Start of DATA SHOWN

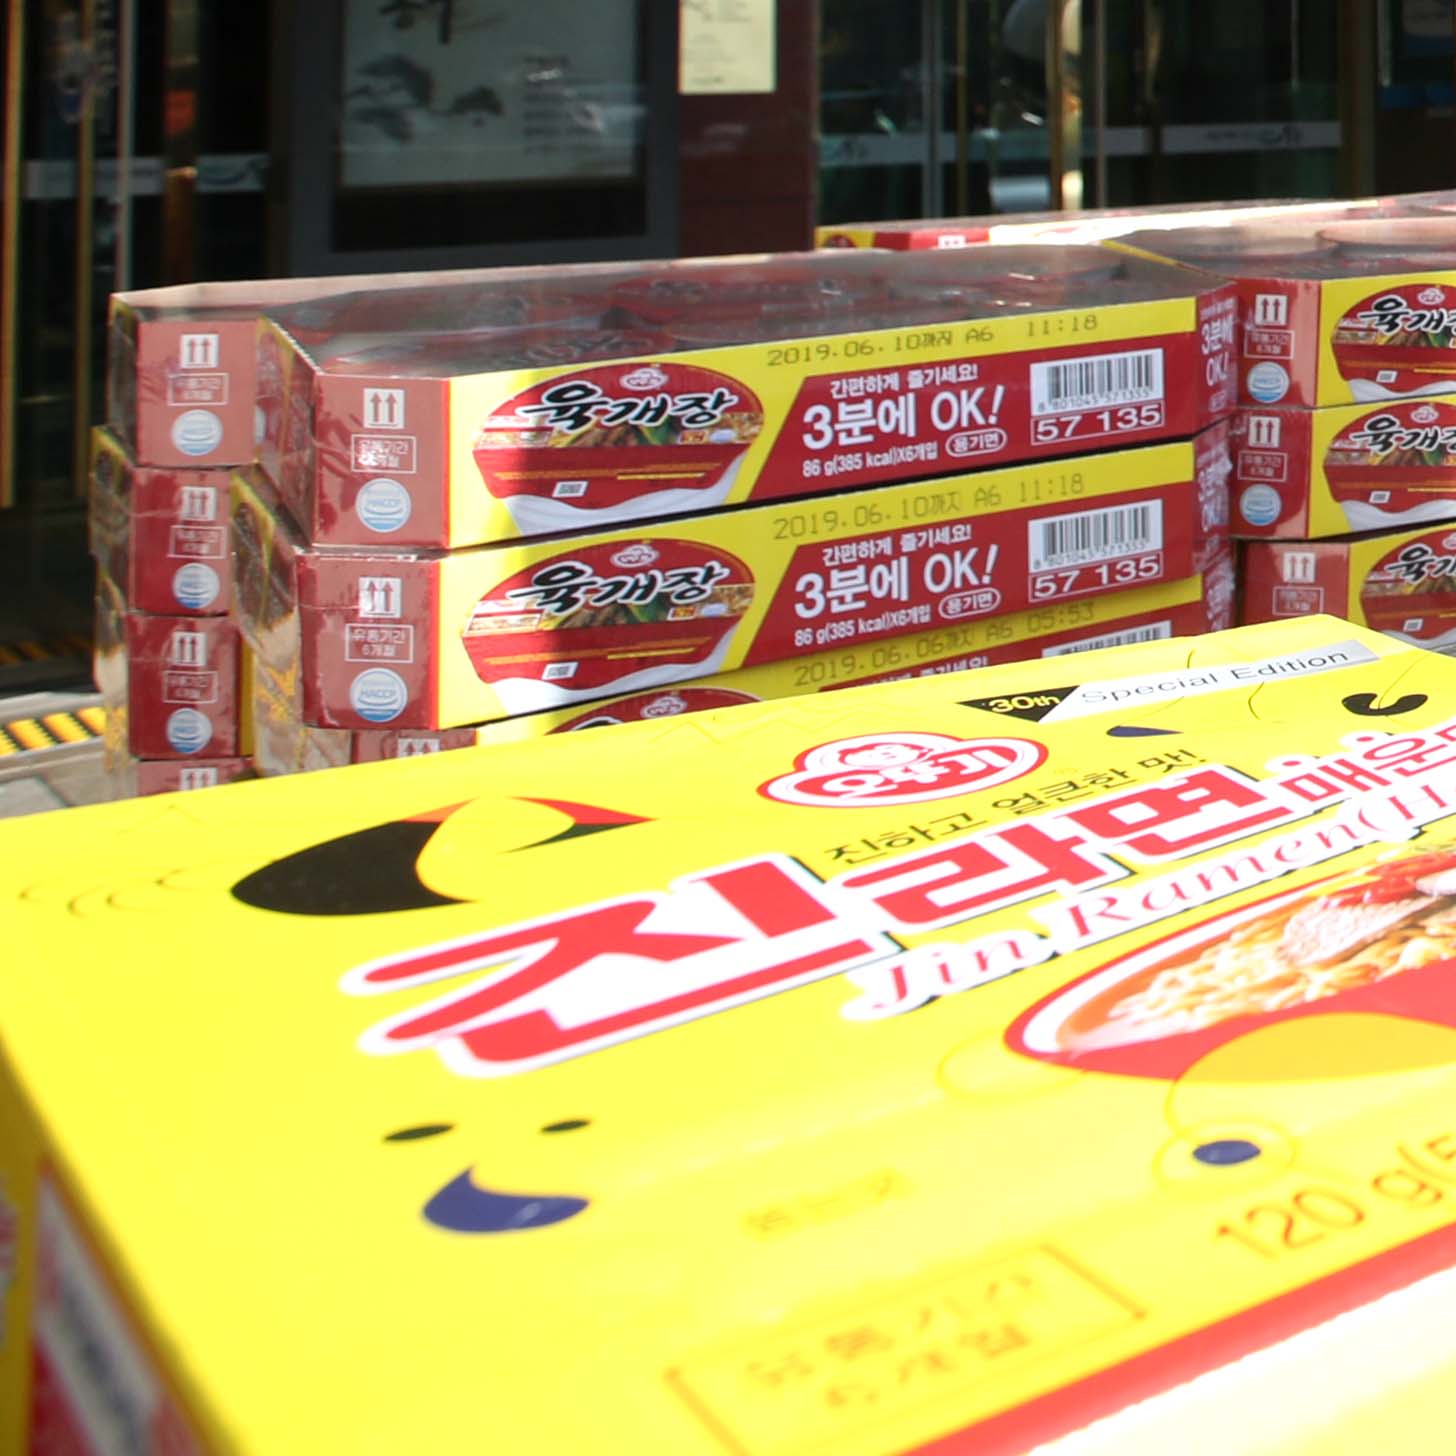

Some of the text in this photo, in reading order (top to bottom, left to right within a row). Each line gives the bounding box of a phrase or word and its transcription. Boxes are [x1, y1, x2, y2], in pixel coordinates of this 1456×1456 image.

[966, 324, 994, 344] A6
[1026, 314, 1098, 337] 11:18
[515, 381, 738, 433] 육개장
[830, 363, 979, 399] 간편하게 즐기세요!
[801, 385, 1005, 452] 3분에 OK!
[1035, 407, 1162, 442] 57 135
[973, 487, 1001, 508] A6
[1018, 474, 1084, 505] 11:18
[822, 525, 972, 566] 간편하게 즐기세요!
[505, 561, 730, 616] 육개장
[793, 544, 1000, 620] 3분에 OK!
[1033, 557, 1160, 601] 57 135
[1026, 603, 1095, 633] 05:53
[989, 648, 1351, 716] 30th Special Edition
[816, 747, 1008, 803] 오뚜기
[827, 810, 987, 870] 진하고
[992, 768, 1132, 816] 얼큰한
[362, 766, 1296, 1065] 진라면
[870, 932, 1034, 1011] Jin
[1219, 1188, 1365, 1260] 120
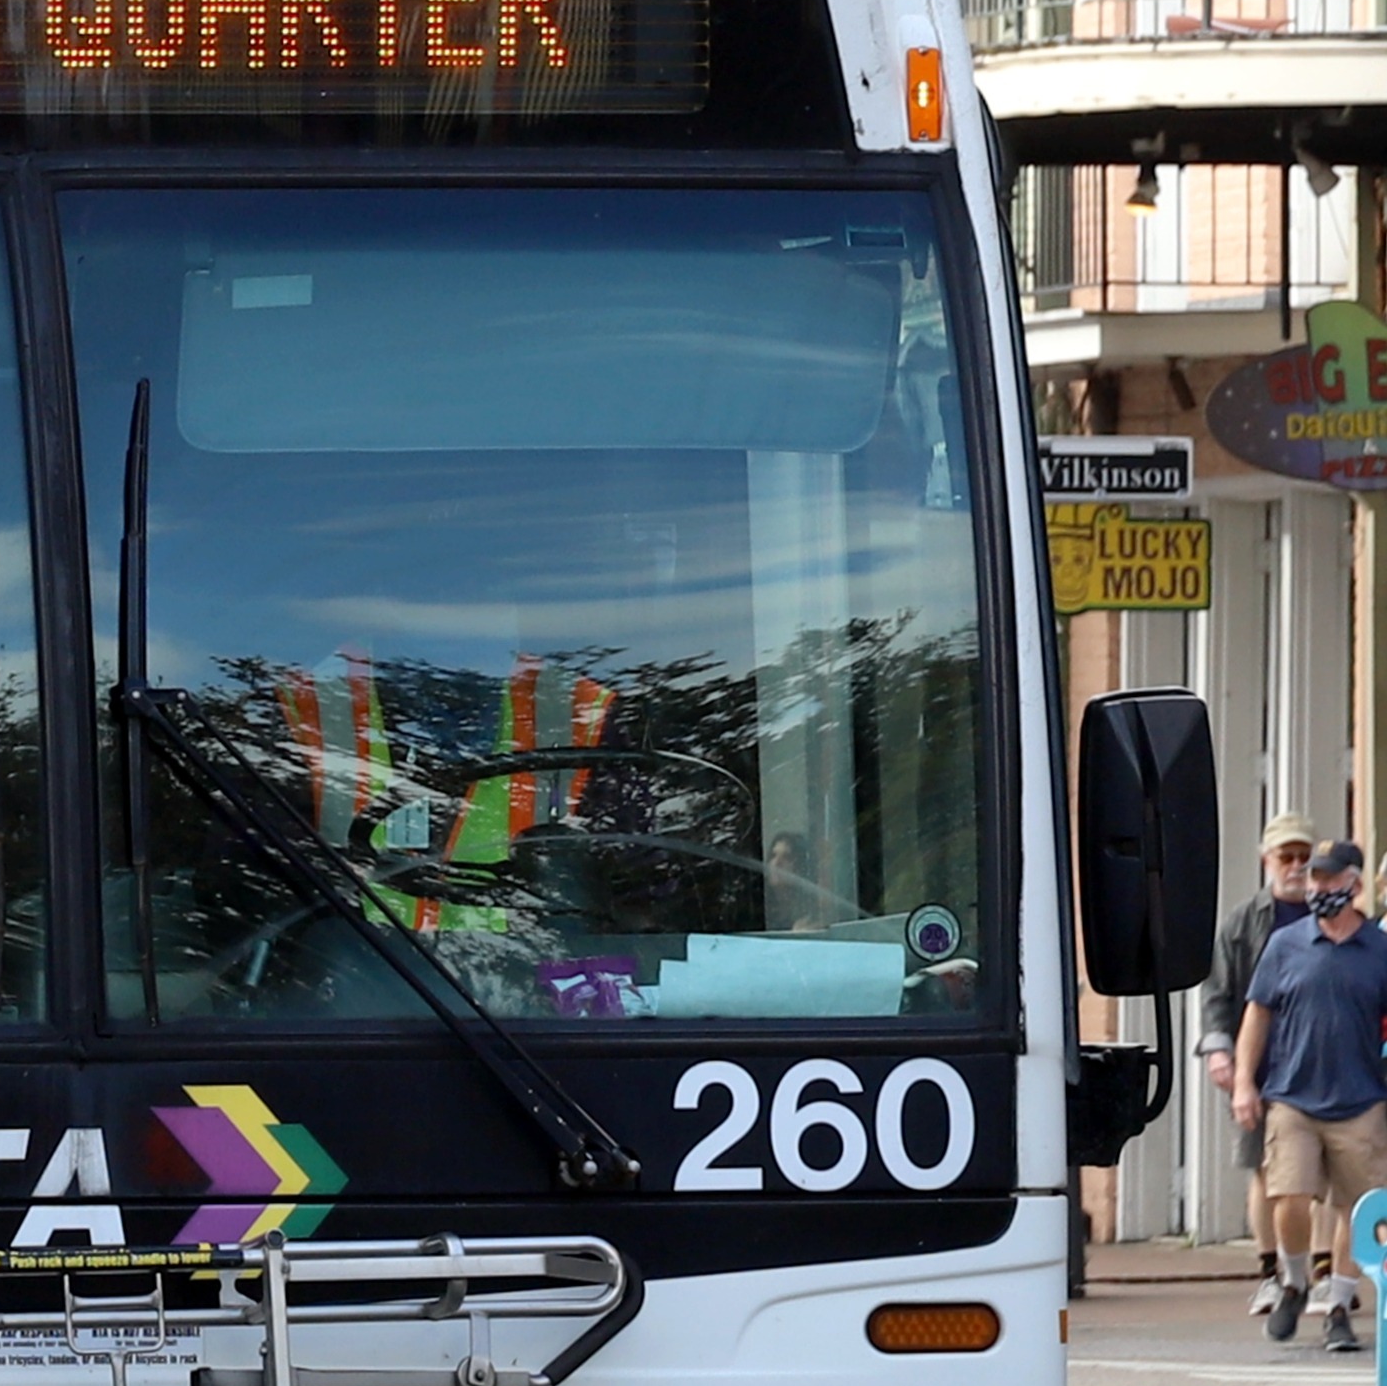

End of DATA SHOWN

- YOUR GOAL: What belongs in the answer is each line above, reproduced exactly, and no picture.

- COMPLETED EXERCISE:
Some of the text in this photo, in reading order (top to bottom, left to right within a row). Each line gives the bounding box of a phrase or word and its transcription. Boxes are [x1, y1, x2, y2], in pixel coordinates of this 1456×1456 image.

[966, 324, 994, 344] A6
[1026, 314, 1098, 337] 11:18
[515, 381, 738, 433] 육개장
[830, 363, 979, 399] 간편하게 즐기세요!
[801, 385, 1005, 452] 3분에 OK!
[1035, 407, 1162, 442] 57 135
[973, 487, 1001, 508] A6
[1018, 474, 1084, 505] 11:18
[822, 525, 972, 566] 간편하게 즐기세요!
[505, 561, 730, 616] 육개장
[793, 544, 1000, 620] 3분에 OK!
[1033, 557, 1160, 601] 57 135
[1026, 603, 1095, 633] 05:53
[989, 648, 1351, 716] 30th Special Edition
[816, 747, 1008, 803] 오뚜기
[827, 810, 987, 870] 진하고
[992, 768, 1132, 816] 얼큰한
[362, 766, 1296, 1065] 진라면
[870, 932, 1034, 1011] Jin
[1219, 1188, 1365, 1260] 120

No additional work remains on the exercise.